Your creative ideas and scripts pass through third-party infrastructure
Generated content may be stored, logged, or used for training
Enterprise content involving proprietary products or unreleased designs creates IP exposure
Some services retain the right to use generated content

Self-hosted generation keeps everything local. Your prompts never leave your machine. Generated videos stay on your drives. No terms of service governing your output.

For businesses generating product videos, prototype visualizations, or internal training content, this isn’t a convenience — it’s a compliance requirement.

Tips for Better Results

Prompting matters more than model size. Describe camera movement, lighting, and scene composition explicitly. “A woman walking through a sunlit forest, medium tracking shot, golden hour lighting, shallow depth of field” beats “woman in forest” every time.

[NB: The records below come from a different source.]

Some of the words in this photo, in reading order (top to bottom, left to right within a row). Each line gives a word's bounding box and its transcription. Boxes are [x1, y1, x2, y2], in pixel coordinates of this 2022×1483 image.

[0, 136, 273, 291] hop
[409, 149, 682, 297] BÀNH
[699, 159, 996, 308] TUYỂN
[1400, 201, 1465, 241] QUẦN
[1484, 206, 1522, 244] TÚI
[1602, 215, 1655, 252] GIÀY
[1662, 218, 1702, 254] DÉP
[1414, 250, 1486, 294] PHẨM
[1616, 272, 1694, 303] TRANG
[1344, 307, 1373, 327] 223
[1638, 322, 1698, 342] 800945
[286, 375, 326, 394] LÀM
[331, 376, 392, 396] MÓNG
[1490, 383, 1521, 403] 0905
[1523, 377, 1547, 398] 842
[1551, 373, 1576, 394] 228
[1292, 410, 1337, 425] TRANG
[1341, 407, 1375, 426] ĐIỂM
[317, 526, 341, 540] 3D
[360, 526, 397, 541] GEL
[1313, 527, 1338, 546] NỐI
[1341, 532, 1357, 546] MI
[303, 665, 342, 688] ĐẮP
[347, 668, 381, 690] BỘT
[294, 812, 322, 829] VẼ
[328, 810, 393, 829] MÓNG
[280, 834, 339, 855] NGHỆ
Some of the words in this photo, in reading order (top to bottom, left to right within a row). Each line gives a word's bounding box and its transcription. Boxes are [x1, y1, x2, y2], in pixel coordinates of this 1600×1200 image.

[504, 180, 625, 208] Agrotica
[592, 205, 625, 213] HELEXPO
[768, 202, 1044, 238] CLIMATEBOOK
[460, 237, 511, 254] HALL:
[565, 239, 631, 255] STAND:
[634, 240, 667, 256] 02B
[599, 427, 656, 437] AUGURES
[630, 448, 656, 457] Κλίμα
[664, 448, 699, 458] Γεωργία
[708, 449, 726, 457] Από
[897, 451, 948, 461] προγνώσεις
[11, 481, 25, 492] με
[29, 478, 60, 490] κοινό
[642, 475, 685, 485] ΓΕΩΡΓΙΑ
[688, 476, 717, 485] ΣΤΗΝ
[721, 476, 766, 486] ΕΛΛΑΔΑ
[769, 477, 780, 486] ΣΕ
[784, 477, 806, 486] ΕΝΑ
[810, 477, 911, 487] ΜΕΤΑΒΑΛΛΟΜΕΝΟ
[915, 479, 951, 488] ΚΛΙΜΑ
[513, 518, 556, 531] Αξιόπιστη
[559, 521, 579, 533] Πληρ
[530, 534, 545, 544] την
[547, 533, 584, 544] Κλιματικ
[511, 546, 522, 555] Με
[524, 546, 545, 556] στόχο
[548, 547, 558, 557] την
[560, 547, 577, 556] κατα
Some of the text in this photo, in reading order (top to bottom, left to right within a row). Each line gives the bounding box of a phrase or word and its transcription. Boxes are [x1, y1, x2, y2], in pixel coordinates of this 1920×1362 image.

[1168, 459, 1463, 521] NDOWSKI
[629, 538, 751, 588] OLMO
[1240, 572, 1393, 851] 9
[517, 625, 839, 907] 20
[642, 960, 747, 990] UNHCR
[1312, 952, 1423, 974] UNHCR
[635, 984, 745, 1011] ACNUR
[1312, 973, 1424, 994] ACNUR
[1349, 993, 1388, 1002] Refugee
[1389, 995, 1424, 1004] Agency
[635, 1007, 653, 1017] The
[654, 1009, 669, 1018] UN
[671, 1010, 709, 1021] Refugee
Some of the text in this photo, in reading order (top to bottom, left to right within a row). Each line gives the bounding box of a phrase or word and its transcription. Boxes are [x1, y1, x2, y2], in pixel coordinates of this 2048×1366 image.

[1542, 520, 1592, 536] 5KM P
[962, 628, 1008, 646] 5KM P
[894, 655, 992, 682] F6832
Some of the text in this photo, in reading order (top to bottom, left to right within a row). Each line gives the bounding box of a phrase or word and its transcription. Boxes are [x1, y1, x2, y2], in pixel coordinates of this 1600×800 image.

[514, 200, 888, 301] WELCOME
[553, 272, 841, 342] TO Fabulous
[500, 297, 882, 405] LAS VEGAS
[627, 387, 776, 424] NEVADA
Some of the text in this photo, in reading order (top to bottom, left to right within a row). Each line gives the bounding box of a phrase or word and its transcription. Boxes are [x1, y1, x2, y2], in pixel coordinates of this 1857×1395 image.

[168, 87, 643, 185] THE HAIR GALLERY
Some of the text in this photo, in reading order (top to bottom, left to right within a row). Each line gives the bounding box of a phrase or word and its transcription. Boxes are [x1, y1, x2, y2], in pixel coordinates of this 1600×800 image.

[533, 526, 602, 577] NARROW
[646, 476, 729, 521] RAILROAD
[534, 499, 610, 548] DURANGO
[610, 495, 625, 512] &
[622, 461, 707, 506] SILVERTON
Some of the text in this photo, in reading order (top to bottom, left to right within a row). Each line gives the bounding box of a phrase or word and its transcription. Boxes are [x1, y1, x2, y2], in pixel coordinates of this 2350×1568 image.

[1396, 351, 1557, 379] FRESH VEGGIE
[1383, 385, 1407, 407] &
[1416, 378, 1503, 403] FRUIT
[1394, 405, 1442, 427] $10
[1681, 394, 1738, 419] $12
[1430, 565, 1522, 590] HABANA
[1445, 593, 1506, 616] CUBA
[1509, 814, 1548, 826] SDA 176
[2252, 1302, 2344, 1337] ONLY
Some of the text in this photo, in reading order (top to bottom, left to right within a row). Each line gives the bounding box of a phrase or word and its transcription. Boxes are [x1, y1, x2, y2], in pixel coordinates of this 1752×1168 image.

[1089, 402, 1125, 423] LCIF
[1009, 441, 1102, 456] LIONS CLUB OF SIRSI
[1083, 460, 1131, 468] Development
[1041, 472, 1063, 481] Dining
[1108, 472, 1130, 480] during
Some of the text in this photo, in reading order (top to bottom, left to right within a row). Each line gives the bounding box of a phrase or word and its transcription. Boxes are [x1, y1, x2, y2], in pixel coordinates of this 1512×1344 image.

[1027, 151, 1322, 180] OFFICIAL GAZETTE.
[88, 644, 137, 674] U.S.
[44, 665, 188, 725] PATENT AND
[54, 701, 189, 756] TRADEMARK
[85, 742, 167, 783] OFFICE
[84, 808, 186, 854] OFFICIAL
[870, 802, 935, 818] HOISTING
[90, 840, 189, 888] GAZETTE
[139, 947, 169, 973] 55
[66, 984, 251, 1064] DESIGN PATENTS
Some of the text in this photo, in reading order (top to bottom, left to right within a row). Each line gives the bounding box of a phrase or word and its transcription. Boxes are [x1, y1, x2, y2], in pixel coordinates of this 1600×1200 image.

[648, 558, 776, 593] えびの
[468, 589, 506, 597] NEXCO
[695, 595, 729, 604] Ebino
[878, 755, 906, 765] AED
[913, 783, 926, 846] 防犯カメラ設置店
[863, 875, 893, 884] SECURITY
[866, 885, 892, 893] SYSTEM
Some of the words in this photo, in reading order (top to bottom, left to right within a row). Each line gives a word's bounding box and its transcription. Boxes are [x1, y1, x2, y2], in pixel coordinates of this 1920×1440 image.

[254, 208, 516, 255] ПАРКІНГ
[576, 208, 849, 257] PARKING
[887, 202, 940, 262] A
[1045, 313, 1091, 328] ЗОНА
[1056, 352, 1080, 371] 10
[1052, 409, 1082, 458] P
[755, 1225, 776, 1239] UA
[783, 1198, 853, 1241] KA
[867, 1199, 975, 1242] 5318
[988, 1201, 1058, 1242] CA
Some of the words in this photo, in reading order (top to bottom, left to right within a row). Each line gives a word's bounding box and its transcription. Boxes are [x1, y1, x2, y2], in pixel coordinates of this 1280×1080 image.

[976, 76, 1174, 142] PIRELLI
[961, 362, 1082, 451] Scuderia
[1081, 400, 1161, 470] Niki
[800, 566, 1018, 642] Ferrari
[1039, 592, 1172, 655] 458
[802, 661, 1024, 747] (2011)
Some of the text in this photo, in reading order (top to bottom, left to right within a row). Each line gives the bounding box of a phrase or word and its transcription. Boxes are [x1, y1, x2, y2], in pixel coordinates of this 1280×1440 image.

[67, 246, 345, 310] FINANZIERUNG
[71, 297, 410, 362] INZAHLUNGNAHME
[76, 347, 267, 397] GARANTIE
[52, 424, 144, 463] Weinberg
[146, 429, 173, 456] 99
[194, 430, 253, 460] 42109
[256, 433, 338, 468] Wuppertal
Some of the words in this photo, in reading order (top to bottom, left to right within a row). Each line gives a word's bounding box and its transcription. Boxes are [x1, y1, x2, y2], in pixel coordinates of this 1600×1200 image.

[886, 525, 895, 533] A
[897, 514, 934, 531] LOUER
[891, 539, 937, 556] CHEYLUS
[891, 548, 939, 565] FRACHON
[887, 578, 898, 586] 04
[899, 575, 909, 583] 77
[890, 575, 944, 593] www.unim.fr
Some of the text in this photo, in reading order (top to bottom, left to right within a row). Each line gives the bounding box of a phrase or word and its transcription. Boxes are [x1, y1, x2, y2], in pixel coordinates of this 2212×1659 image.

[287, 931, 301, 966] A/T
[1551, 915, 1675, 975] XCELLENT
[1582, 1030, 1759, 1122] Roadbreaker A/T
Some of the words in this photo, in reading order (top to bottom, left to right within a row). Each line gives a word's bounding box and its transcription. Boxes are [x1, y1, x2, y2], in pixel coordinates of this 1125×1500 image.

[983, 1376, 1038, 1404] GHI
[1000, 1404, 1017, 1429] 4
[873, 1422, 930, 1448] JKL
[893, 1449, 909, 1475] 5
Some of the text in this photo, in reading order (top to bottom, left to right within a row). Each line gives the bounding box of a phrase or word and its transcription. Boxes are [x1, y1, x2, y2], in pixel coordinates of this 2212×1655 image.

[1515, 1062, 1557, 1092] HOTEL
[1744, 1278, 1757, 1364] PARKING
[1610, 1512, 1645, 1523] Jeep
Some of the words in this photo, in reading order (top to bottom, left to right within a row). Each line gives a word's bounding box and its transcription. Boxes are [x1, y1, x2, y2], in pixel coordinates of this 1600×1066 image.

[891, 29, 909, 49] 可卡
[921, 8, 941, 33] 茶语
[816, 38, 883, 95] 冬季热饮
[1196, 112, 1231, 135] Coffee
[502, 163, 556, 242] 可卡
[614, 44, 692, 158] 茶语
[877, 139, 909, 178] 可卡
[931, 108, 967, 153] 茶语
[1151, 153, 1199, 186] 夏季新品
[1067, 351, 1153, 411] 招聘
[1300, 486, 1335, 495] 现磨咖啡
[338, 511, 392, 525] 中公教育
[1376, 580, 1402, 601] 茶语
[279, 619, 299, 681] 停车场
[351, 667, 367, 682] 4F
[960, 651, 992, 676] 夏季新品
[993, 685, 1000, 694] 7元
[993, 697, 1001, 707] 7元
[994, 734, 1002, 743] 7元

Start at 480p, refine at higher resolution. Generate quick drafts at low resolution to test prompts. Once you like the result, regenerate at 720p or 1080p. This saves hours of waiting on bad generations.

Use image-to-video for consistency. Generate or source a starting frame, then use I2V mode. This gives you far more control over the look and composition of your output than text-to-video alone.

Negative prompts work. “Blurry, distorted hands, text overlay, watermark, low quality” in the negative prompt noticeably improves output across all three models.

What You Can Do Today

If you have an NVIDIA GPU with 8GB+ VRAM, install Wan2GP. It’s the fastest path to your first locally-generated video.
If you want maximum flexibility and community support, set up ComfyUI with both Wan 2.2 and LTX-2.3. The learning curve pays off.
If you’re buying hardware specifically for this, get an RTX 4090. The 24GB VRAM runs everything at full quality, and it holds its value well.
If you’re on Apple Silicon, ComfyUI works but performance lags behind NVIDIA significantly. Consider a cloud GPU rental for heavy generation while keeping the workflow local.

The gap between cloud and local AI video closed faster than anyone expected. Twelve months ago, local generation was a novelty. Today it’s a production tool. The pricing of cloud services hasn’t caught up with that reality — and that’s your opportunity.